There’s the model of Mobius’ suit, which may show them planning this out in the future so that it’s able to happen in the past.

Then there’s Wake Magazine with Jetskis, along with some photos from the episode and a crack in the floor. We also see McDonald’s too and the mural of the Timekeepers with Ms. Minutes on a Tempad pad and He Who Remains’ castle. This is empty, with his hand device lying there, showing what’s happening in the wake of his death.

I also think that we get a sling ring too, and the official TV handbook before we cut to the murals.

Lastly, this leads us into the post-credits scene where we watch Sylvie arriving at Mcdonald’s. For the first time, we see that this is a branched timeline with the bottom telling us the year 1982.

Broxton is actually a big location in the comics, and this is where the home of New Asgard was.

Happening in Oklahoma, this is where Sylvie attacked before, and it was here she made her first appearance back in Season 1.

I loved going back here because I remember these McDonald’s when they used to have birthday sections and stuff that you could sit under that creepy tree.

Judging by what she says:

– not possum or rats

She’s clearly had to hunt these herself, and she’s been going on for decades, desperate to survive.

I also get the feeling that she kind of misses Loki, which is cemented by her looking longingly at the couple.

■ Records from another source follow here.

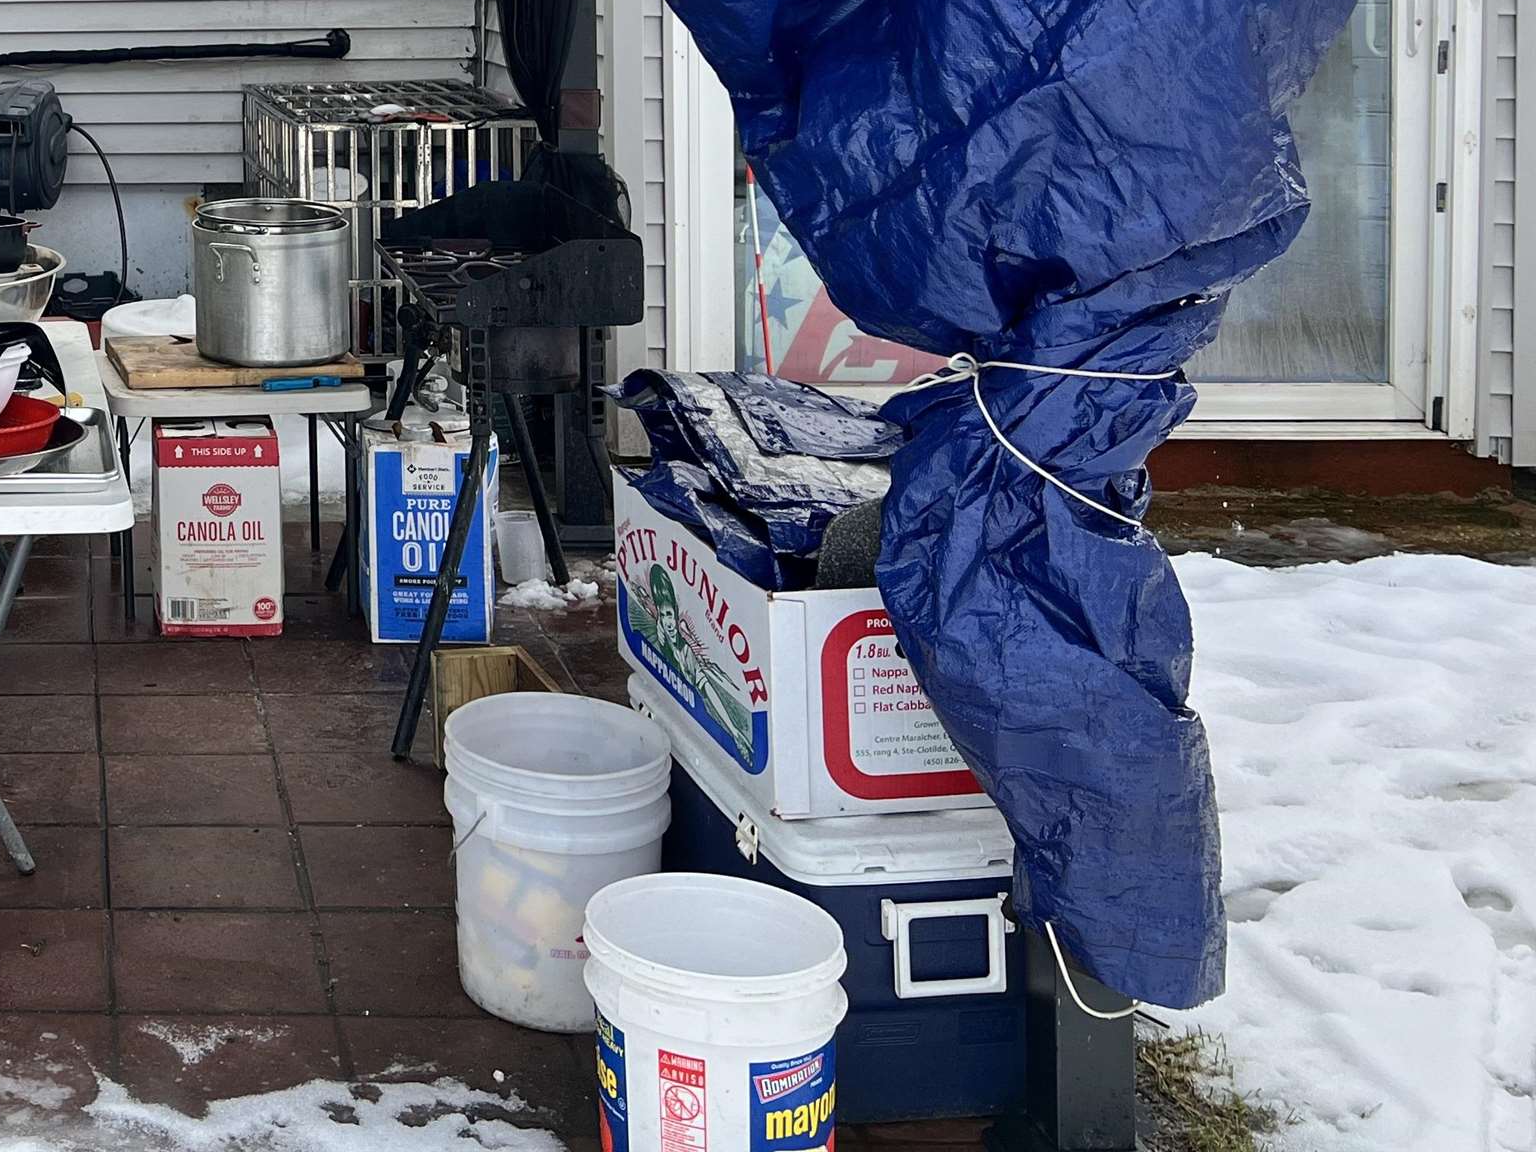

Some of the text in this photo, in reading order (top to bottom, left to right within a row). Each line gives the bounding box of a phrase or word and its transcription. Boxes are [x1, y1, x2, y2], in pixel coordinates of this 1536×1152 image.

[191, 447, 247, 456] THIS SIDE UP
[204, 495, 240, 505] WELLSLEY
[406, 498, 452, 510] PURE
[177, 520, 265, 542] CANOLA OIL
[392, 511, 449, 541] CANO
[402, 541, 447, 572] OI
[617, 528, 768, 707] P'TIT JUNIOR
[705, 609, 725, 644] Brand
[855, 643, 891, 659] 1.8 BU.
[872, 667, 908, 680] Nappa
[872, 683, 924, 697] Red Nap
[873, 700, 931, 713] Flat Cabba
[913, 720, 940, 729] Grown
[874, 735, 900, 744] Centre
[873, 749, 892, 757] rang
[901, 744, 949, 755] Ste-Clotilde,
[923, 756, 966, 767] (450) 826-
[670, 1055, 704, 1072] WARNING
[671, 1070, 704, 1086] AVISO
[761, 1060, 820, 1097] ADMIRATION
[766, 1081, 836, 1139] mayon

Now, going into the trailer teases, we know she ends up working here, and that Loki arrives to see her again. Now, the trailer looks like it shows X-5 as a movie star attending a premiere for his film. This is Zaniac, which itself is a character from the comics. I think he’s realized that with all these timelines branching out, he’s now able to change things and do what he wants.

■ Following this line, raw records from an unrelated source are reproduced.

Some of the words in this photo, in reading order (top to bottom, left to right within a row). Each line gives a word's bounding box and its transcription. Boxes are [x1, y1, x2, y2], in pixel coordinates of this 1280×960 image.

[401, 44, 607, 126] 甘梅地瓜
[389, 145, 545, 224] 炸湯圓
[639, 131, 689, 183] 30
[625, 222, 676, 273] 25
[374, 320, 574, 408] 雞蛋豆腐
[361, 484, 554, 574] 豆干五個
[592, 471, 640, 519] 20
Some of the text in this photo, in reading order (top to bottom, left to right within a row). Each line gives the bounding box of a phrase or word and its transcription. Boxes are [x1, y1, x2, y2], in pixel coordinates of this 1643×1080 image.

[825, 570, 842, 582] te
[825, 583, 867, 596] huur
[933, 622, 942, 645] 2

Now, the trailer also shows stuff getting spaghettified, and the forces of Kate Dickie’s Dox hunting Sylvie and Loki. We also had them traveling to Victor Timely to see the time loom being made.

So, lots of stuff to look forward to, and as for this episode, I think it was a great way to start the series. They really put their all into the production, and again, I can’t hammer home how much the direction and the way the camera elevates it all. It takes what could be basic and creates tension, dynamism, and energy in the scenes that makes it gripping to watch.

I love the jumping back and forth through time stuff as well, and it kept the episode constantly developing with new twists and ways of playing out the dialogue scenes.

I’m back to shilling, but after so many duds and meh releases from Marvel on Disney Plus, this was a great way to start things off. They don’t waste any time hitting the ground running, and they instantly pick up where we left off and don’t drop the pace. I also love how there’s this constant mystery as well, with us getting more questions than answers about what’s going on.

Overall, it was a great way to start the show off, and I can’t wait to discuss it for the next six weeks.